The statute does not define what it means to harbor an alien, but we have understood the word to "plug[ ] a possible loop-hole left open by merely forbidding concealing and shielding from detection." United States v. Costello , 666 F.3d 1040, 1045 (7th Cir. 2012).
To explain, we offered a hypothetical: the owner of a restaurant employs known unauthorized aliens, pays them low wages, and provides them housing to make their underpaid employment attractive and because they lack documentation.
The owner is harboring these illegal aliens in the sense of taking strong measures to keep them here. Yet there may be no effort at concealment or shielding from detection .... It is nonetheless harboring in an appropriate sense because the illegal status of the alien is inseparable from the decision to provide housing—it is a decision to provide a refuge for an illegal alien because he’s an illegal alien.

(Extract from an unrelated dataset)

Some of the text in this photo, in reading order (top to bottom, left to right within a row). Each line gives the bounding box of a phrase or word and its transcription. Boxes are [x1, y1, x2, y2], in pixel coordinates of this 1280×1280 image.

Id. The defendant in Costello merely allowed her unauthorized-alien boyfriend to live with her, so she was not "harboring" within the meaning of the statute. Id.

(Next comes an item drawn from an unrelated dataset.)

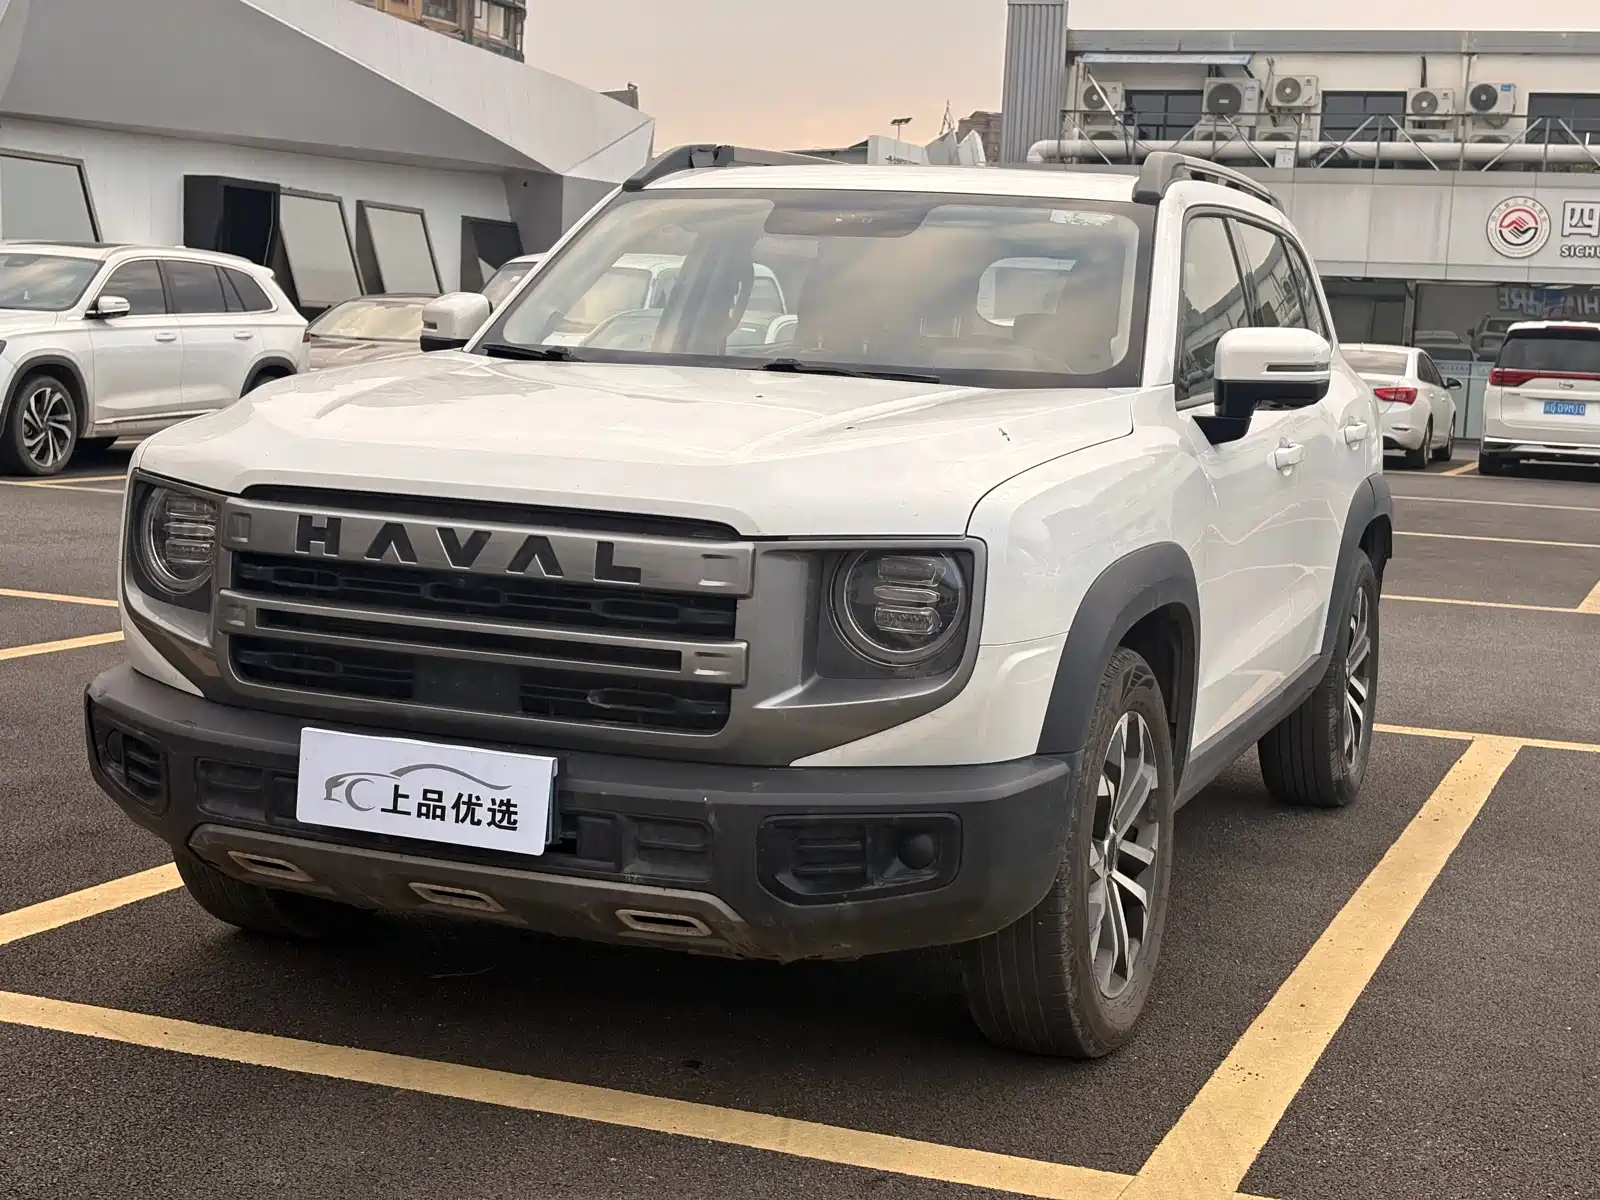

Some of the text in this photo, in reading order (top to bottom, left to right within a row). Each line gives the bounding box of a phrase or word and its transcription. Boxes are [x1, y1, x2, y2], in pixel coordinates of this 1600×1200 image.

[294, 513, 642, 585] HAVAL
[380, 784, 519, 832] 上品优选

We applied this hypothetical in United States v. McClellan , 794 F.3d 743 (7th Cir. 2015). McClellan ran a restaurant that had several unauthorized alien employees who lived rent-free in a house he owned across the street. Id. at 746–47. He was convicted of harboring aliens in the house and argued on appeal that the evidence was insufficient to convict because the employees’ alien statuses were not "the driving purpose for the provision of shelter." Id. at 750. We rejected this argument because there was "evidence that providing the illegal workers with housing and utilities enabled the workers to avoid detection by authorities and enabled Mr. McClellan to continue to employ them at low wages, keep up his profit margins, and lessen his employment tax burdens." Id. From this, we concluded, a jury could infer that McClellan "intended to safeguard his employees from the authorities." Id. at 751.

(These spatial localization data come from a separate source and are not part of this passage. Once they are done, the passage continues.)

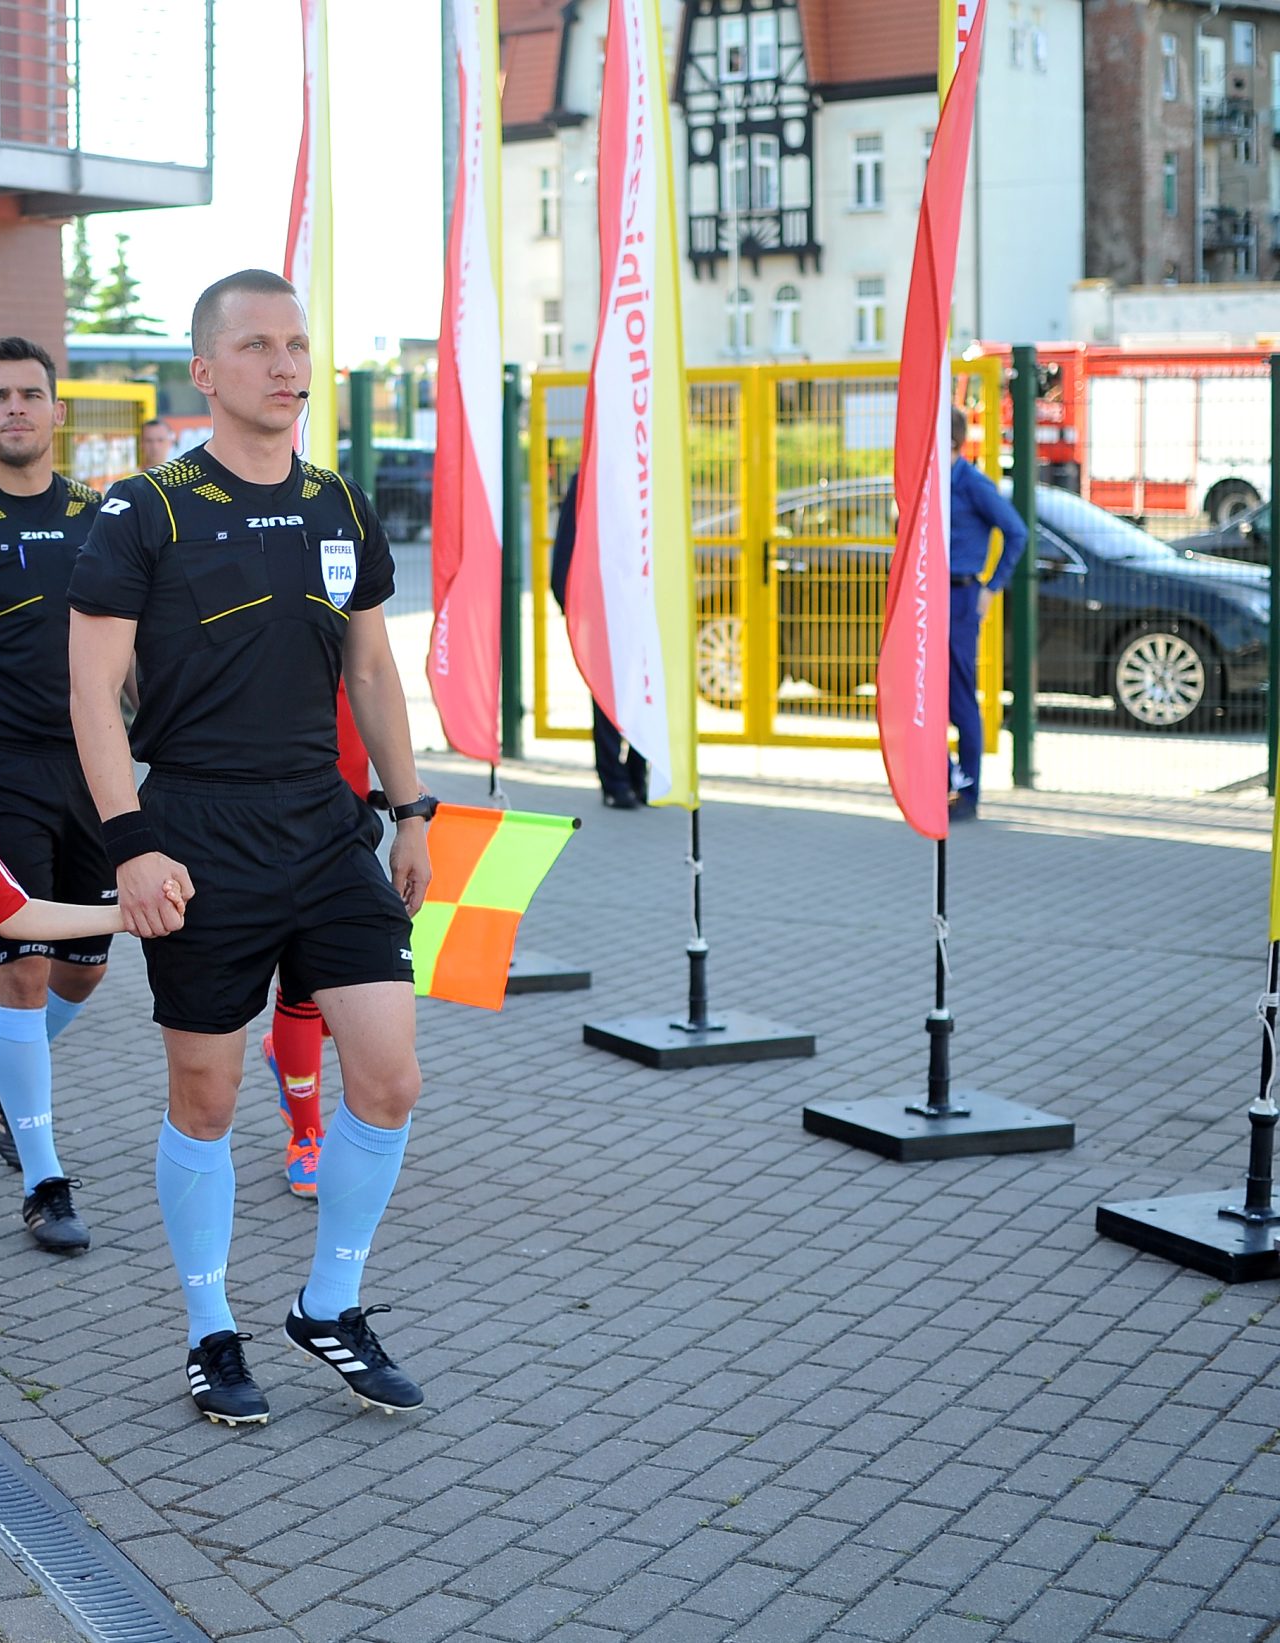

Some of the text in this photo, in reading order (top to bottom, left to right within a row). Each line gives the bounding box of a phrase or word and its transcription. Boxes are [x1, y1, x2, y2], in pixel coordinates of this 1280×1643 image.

[246, 515, 304, 528] zina
[20, 530, 64, 541] zina
[324, 545, 352, 554] REFEREE
[328, 566, 352, 580] FIFA
[17, 1112, 52, 1130] zin

This case appears materially indistinguishable from McClellan . The district court agreed and cited McClellan in concluding there was enough evidence to infer that "[b]y giving the aliens a place to live, Gire safeguarded the aliens from the authorities by making it more difficult for the authorities to locate them." Despite this obvious overlap, the district court’s reliance on the case, and the parties’ thorough discussion of it in the district court proceedings, Grayson’s briefs do not even cite McClellan . When we asked Grayson how it could distinguish it at oral argument, counsel responded that McClellan’s actions were more egregious because he was "hiding the people in the back" of the restaurant. To the contrary, McClellan harbored aliens in a house across the street; it was Grayson that kept them inside its warehouse.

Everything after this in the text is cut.